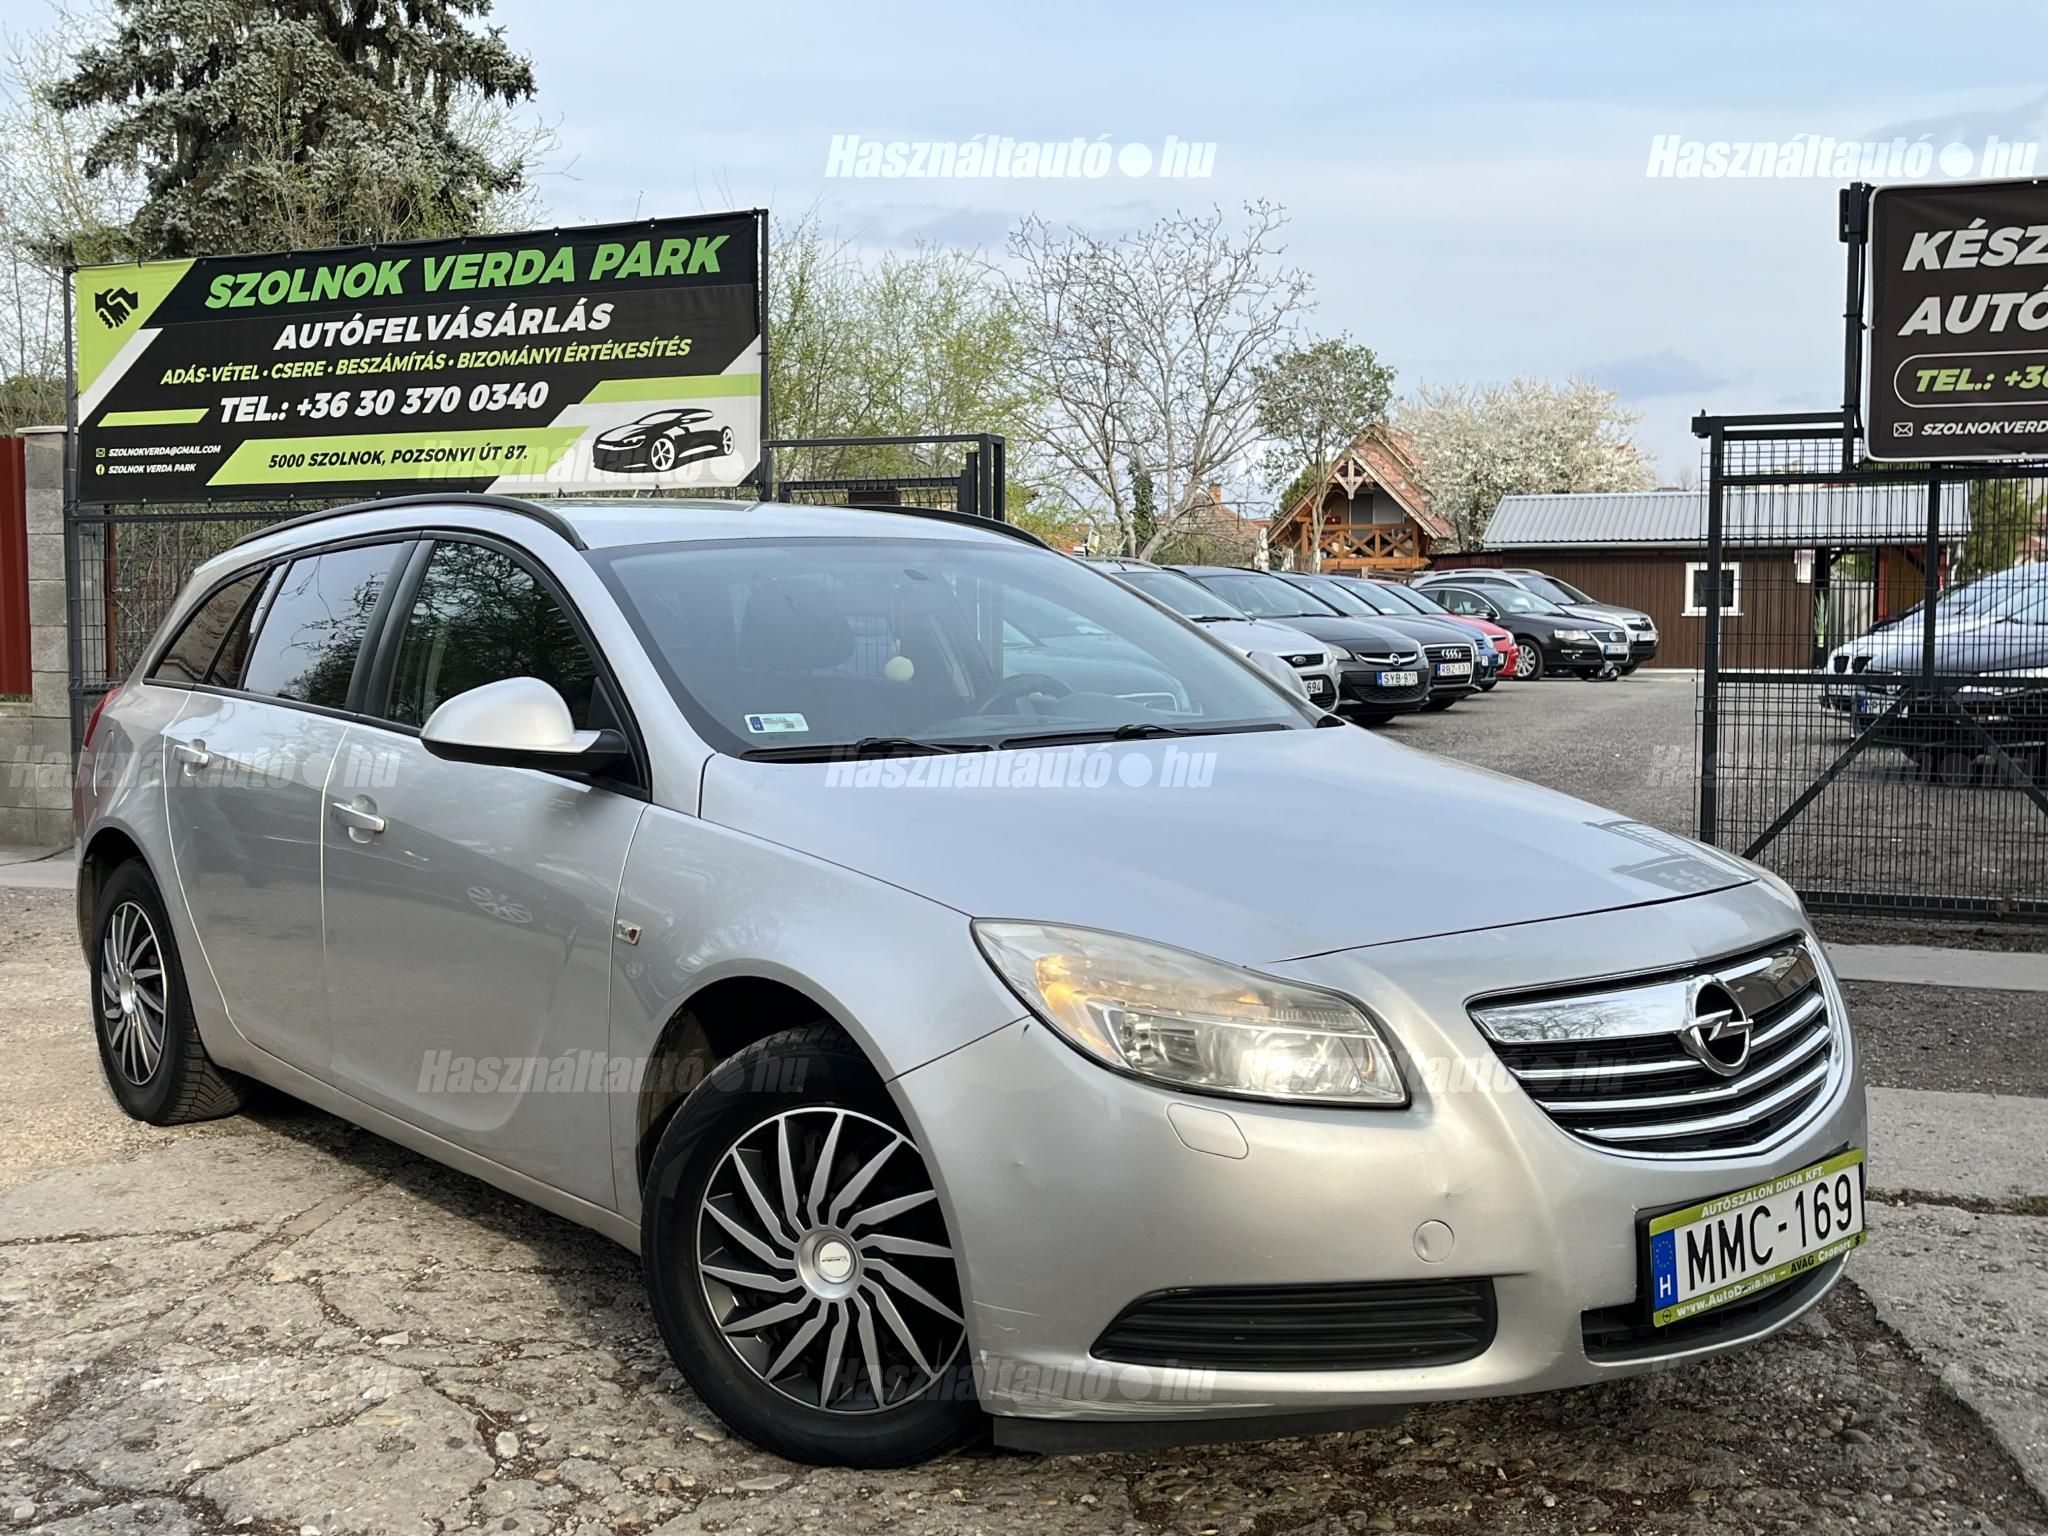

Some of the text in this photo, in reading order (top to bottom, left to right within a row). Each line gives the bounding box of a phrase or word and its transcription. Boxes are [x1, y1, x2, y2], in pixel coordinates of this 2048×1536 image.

[204, 235, 730, 309] SZOLNOK VERDA PARK
[273, 297, 614, 351] AUTÓFELVÁSÁRLÁS
[160, 336, 692, 385] ADÁS-VÉTEL CSERE BESZÁMÍTÁS BIZOMÁNYI ÉRTÉKESÍTÉS
[1916, 367, 1995, 392] TEL.:
[220, 381, 550, 424] TEL.: +36 30 370 0340
[108, 445, 221, 457] SZOLNOKVERDA@GMAIL.COM
[268, 443, 528, 468] 5000 SZOLNOK, POZSONYI ÚT 87.
[108, 463, 196, 474] SZOLNOK VERDA PARK
[1701, 1166, 1825, 1218] AUTÓSZALON DUNA KFT.
[1686, 1173, 1852, 1291] MMC-169
[1791, 1255, 1815, 1274] AVAG
[1659, 1274, 1671, 1299] H
··········
Retype the data shown above exactly, excluding any picture it contains.

RESPONSE TO THIS TASK
Some of the text in this photo, in reading order (top to bottom, left to right within a row). Each line gives the bounding box of a phrase or word and its transcription. Boxes are [x1, y1, x2, y2], in pixel coordinates of this 2048×1536 image.

[204, 235, 730, 309] SZOLNOK VERDA PARK
[273, 297, 614, 351] AUTÓFELVÁSÁRLÁS
[160, 336, 692, 385] ADÁS-VÉTEL CSERE BESZÁMÍTÁS BIZOMÁNYI ÉRTÉKESÍTÉS
[1916, 367, 1995, 392] TEL.:
[220, 381, 550, 424] TEL.: +36 30 370 0340
[108, 445, 221, 457] SZOLNOKVERDA@GMAIL.COM
[268, 443, 528, 468] 5000 SZOLNOK, POZSONYI ÚT 87.
[108, 463, 196, 474] SZOLNOK VERDA PARK
[1701, 1166, 1825, 1218] AUTÓSZALON DUNA KFT.
[1686, 1173, 1852, 1291] MMC-169
[1791, 1255, 1815, 1274] AVAG
[1659, 1274, 1671, 1299] H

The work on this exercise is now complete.